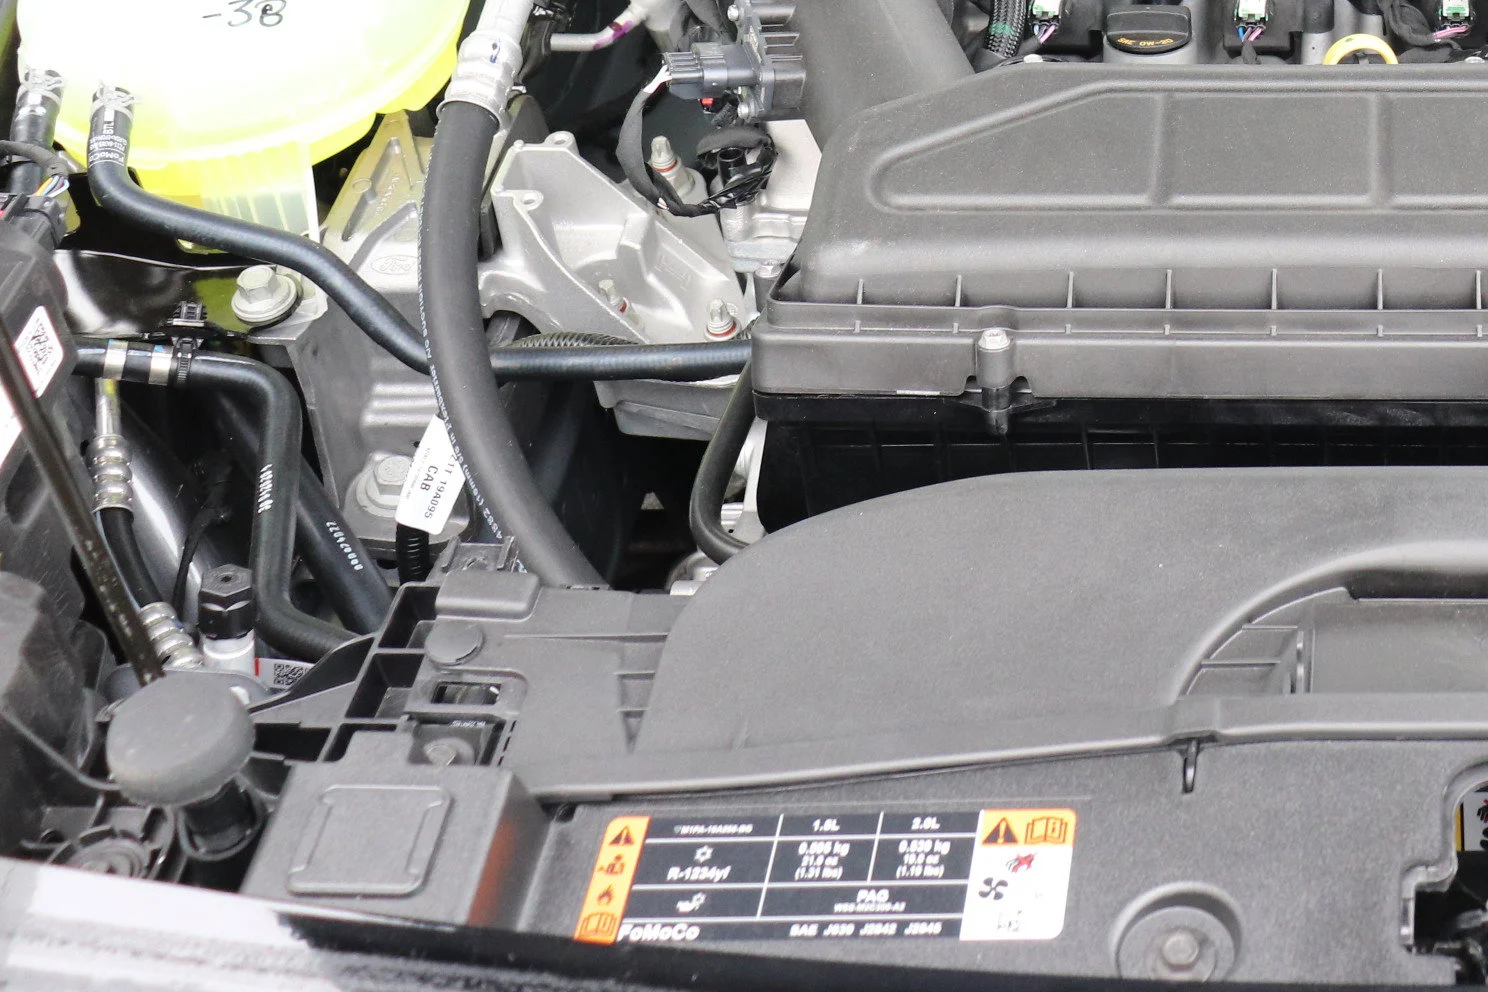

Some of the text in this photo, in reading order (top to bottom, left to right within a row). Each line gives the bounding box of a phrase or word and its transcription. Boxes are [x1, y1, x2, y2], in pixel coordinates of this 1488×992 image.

[1117, 37, 1135, 45] SAE
[420, 465, 438, 491] CAB
[424, 480, 447, 519] 19A095
[911, 816, 941, 831] 2.0L
[833, 841, 851, 857] kg
[933, 839, 951, 855] kg
[666, 865, 732, 883] R-1234yf
[856, 889, 890, 903] PAG
[616, 923, 701, 942] FoMoCo
[789, 923, 819, 937] SAE

━━━━━━━━━━━━━━━━━━━━━━━━━━━━━━

§ EXERCISE BRIEF:
Retype the whole listing above exactly as written. Skip the pictures.

§ TASK ANSWER:
Some of the text in this photo, in reading order (top to bottom, left to right within a row). Each line gives the bounding box of a phrase or word and its transcription. Boxes are [x1, y1, x2, y2], in pixel coordinates of this 1488×992 image.

[1117, 37, 1135, 45] SAE
[420, 465, 438, 491] CAB
[424, 480, 447, 519] 19A095
[911, 816, 941, 831] 2.0L
[833, 841, 851, 857] kg
[933, 839, 951, 855] kg
[666, 865, 732, 883] R-1234yf
[856, 889, 890, 903] PAG
[616, 923, 701, 942] FoMoCo
[789, 923, 819, 937] SAE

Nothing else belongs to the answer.